▶ [TASK ITEM]: All of the lines below are to be transcribed faithfully, with pictures excluded from the copy.

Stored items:
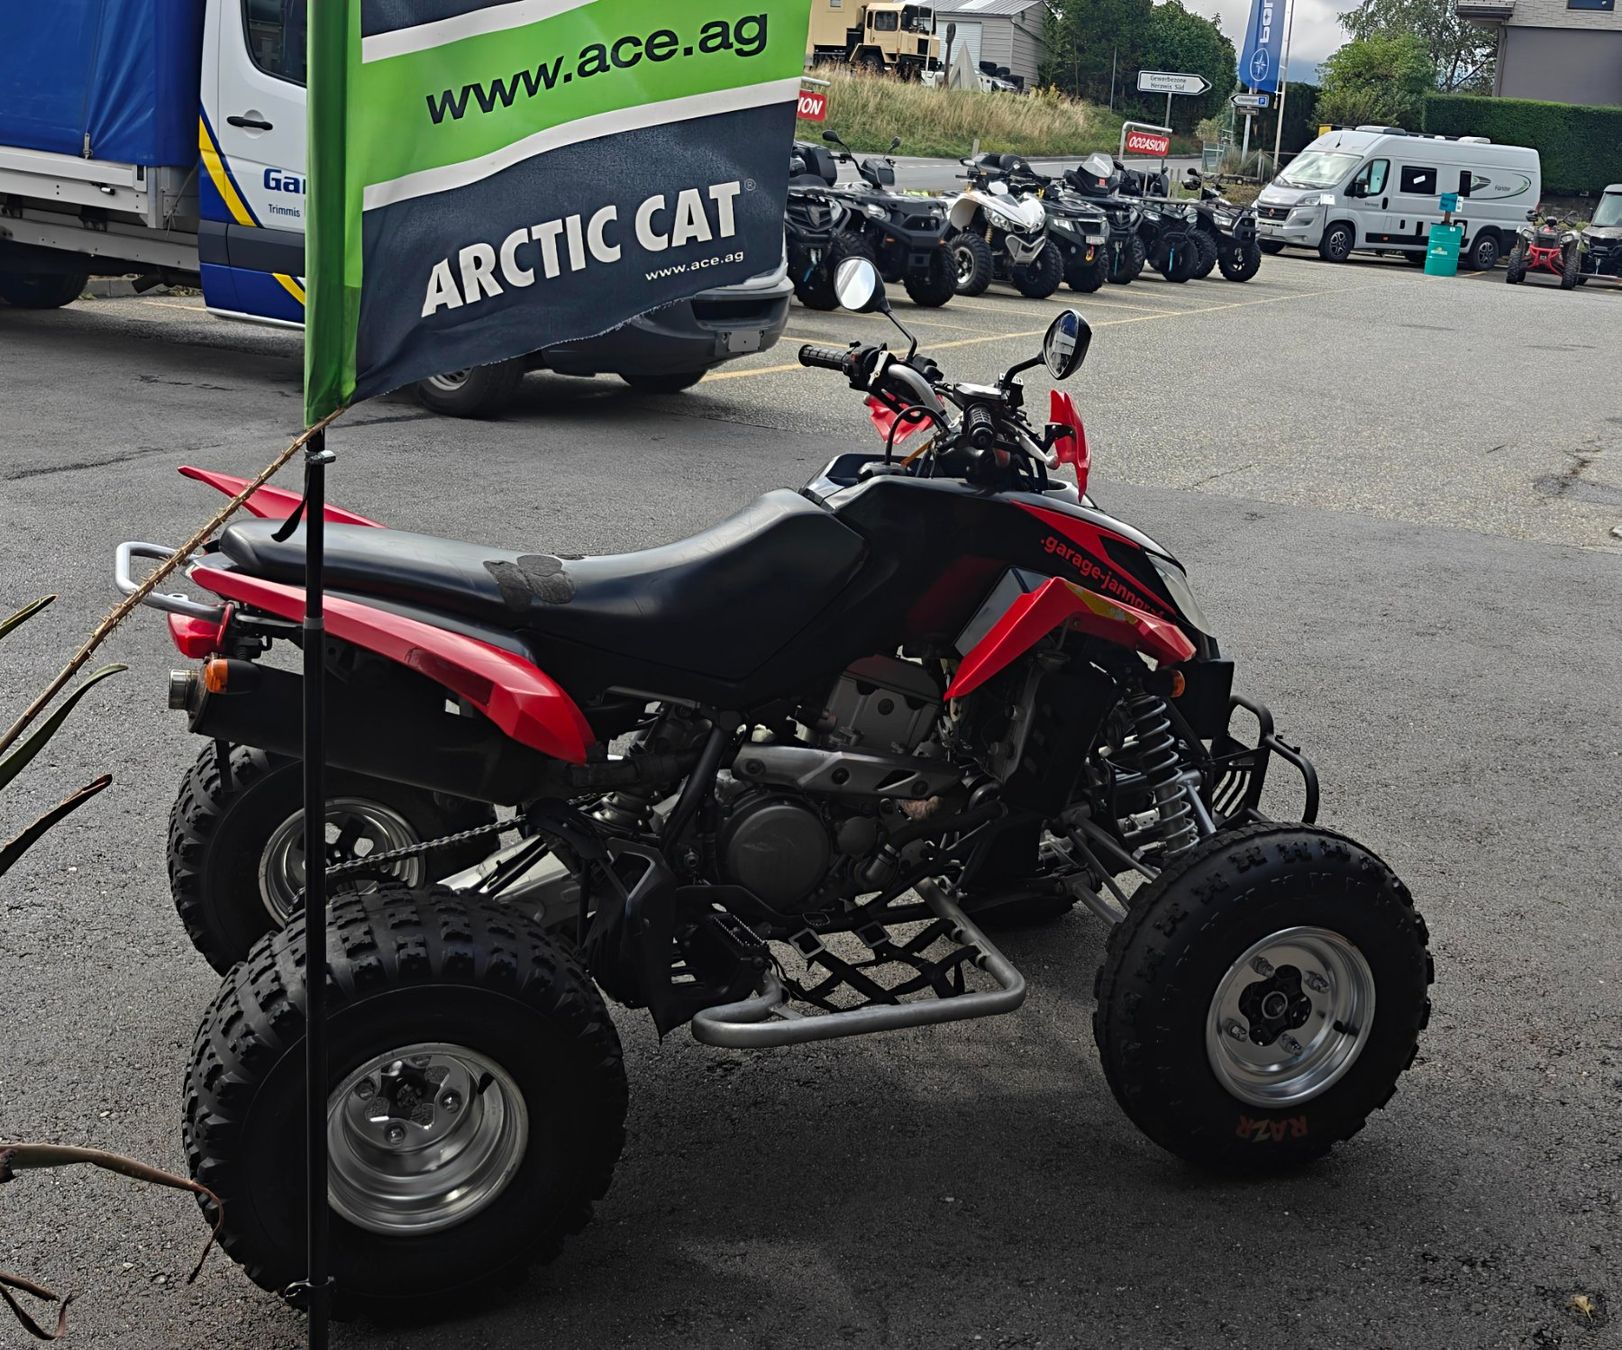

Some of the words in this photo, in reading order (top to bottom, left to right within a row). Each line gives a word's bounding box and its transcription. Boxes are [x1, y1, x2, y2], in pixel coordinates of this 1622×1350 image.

[426, 13, 768, 125] www.ace.ag
[1128, 136, 1168, 152] OCCASION
[268, 203, 301, 218] Trimmis
[421, 204, 622, 318] ARCTIC
[635, 180, 741, 252] CAT
[645, 251, 744, 281] www.ace.ag
[1235, 1115, 1308, 1143] RAZR
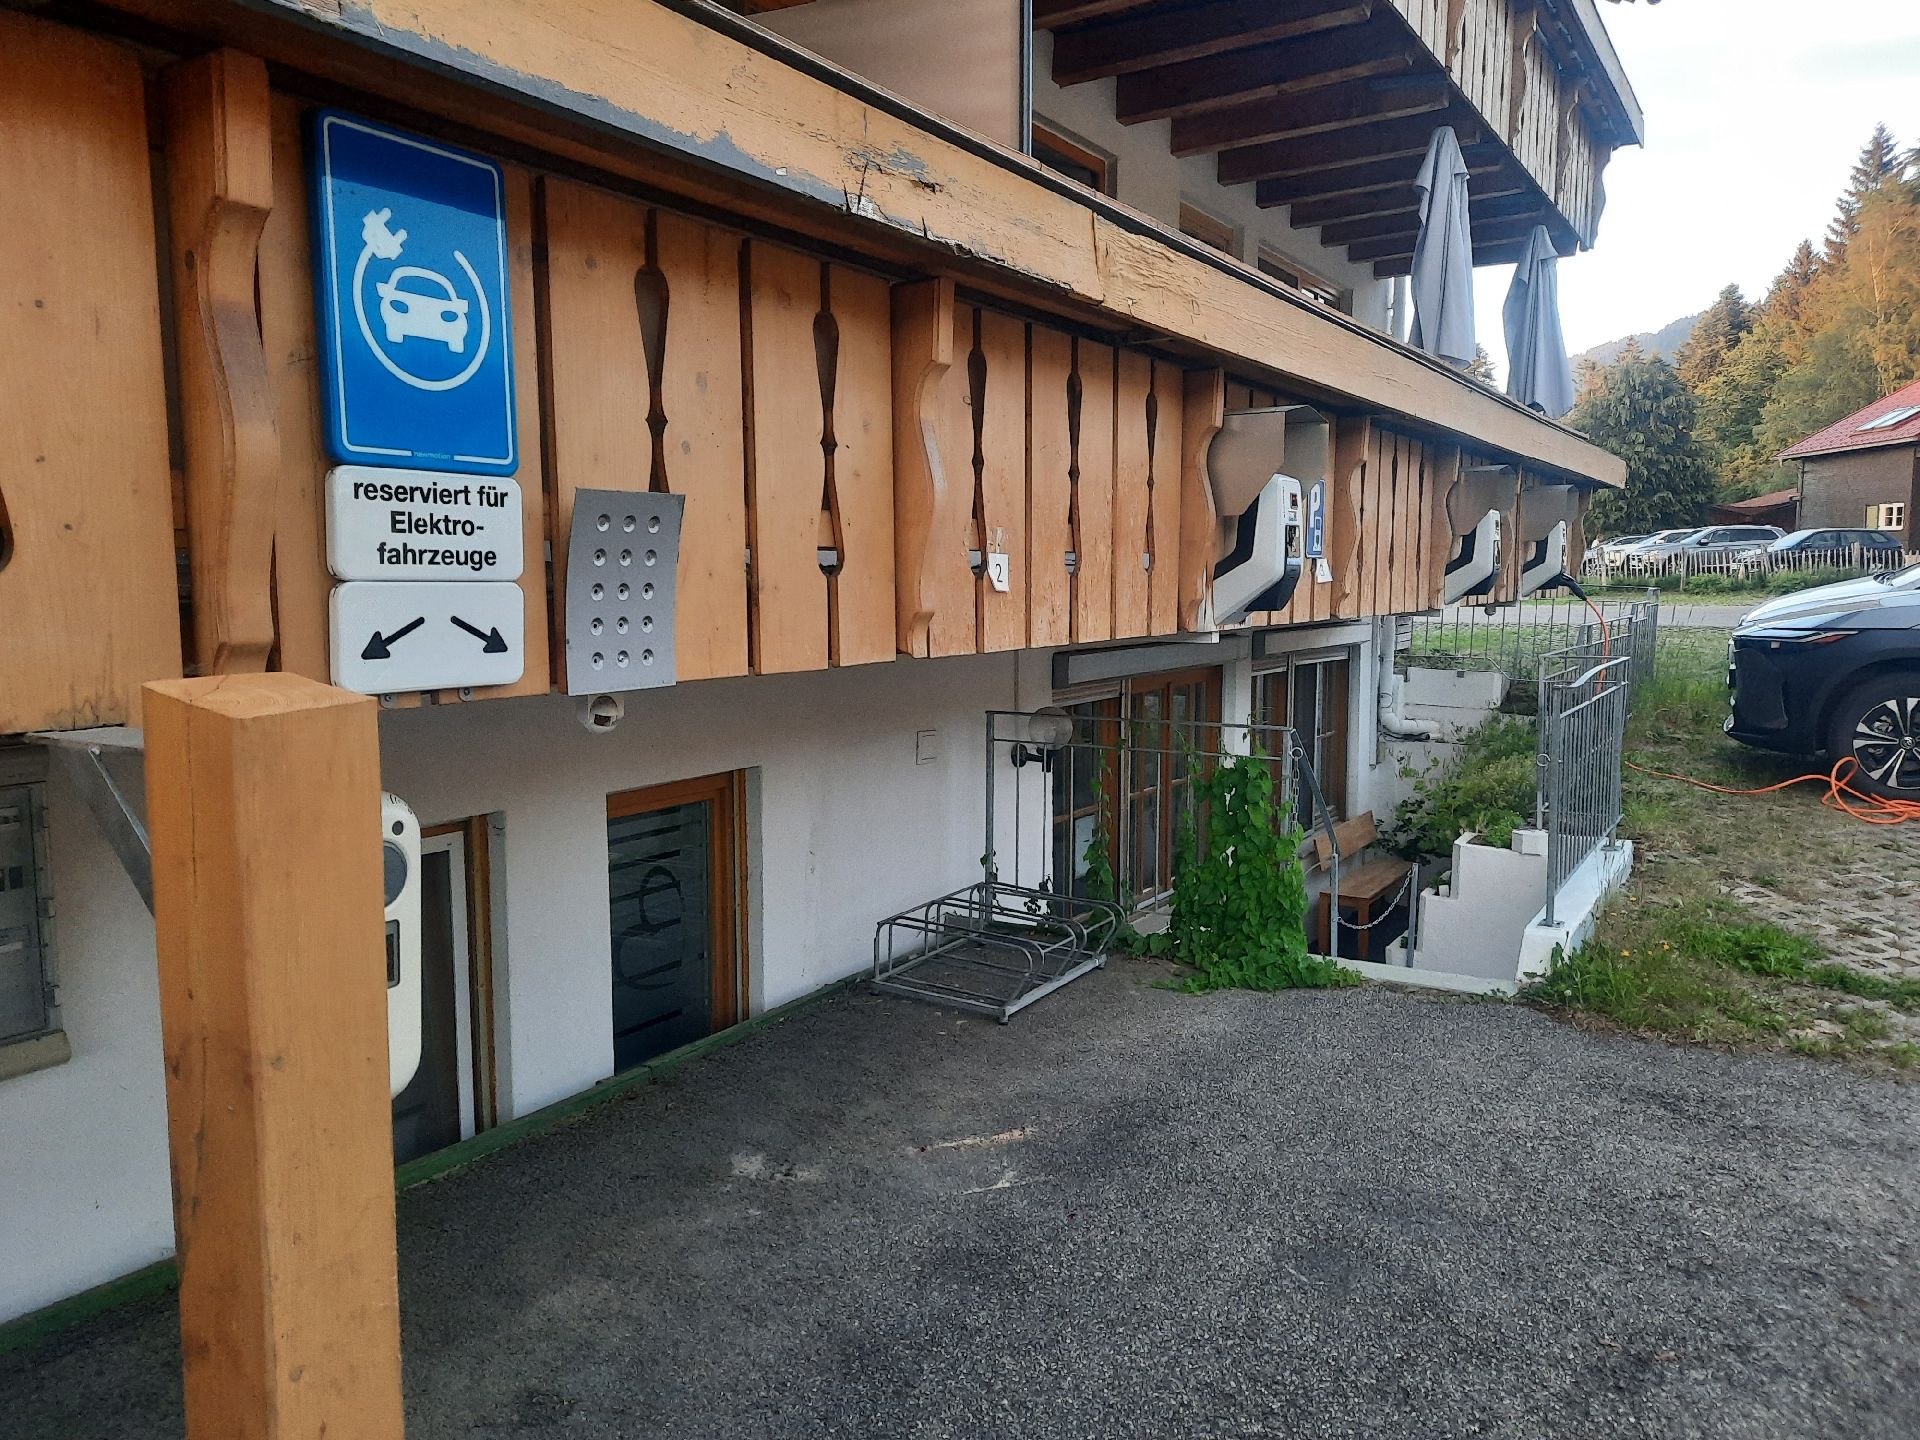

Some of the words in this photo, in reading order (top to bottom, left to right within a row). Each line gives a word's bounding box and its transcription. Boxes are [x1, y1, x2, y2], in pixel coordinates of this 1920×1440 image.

[353, 481, 471, 506] reserviert
[477, 485, 509, 508] für
[390, 510, 485, 536] Elektro-
[376, 541, 497, 571] fahrzeuge
[995, 563, 1003, 583] 2

▶ [WRITTEN REPLY]:
Some of the words in this photo, in reading order (top to bottom, left to right within a row). Each line gives a word's bounding box and its transcription. Boxes are [x1, y1, x2, y2], in pixel coordinates of this 1622×1350 image.

[426, 13, 768, 125] www.ace.ag
[1128, 136, 1168, 152] OCCASION
[268, 203, 301, 218] Trimmis
[421, 204, 622, 318] ARCTIC
[635, 180, 741, 252] CAT
[645, 251, 744, 281] www.ace.ag
[1235, 1115, 1308, 1143] RAZR

Some of the words in this photo, in reading order (top to bottom, left to right within a row). Each line gives a word's bounding box and its transcription. Boxes are [x1, y1, x2, y2], in pixel coordinates of this 1920×1440 image.

[353, 481, 471, 506] reserviert
[477, 485, 509, 508] für
[390, 510, 485, 536] Elektro-
[376, 541, 497, 571] fahrzeuge
[995, 563, 1003, 583] 2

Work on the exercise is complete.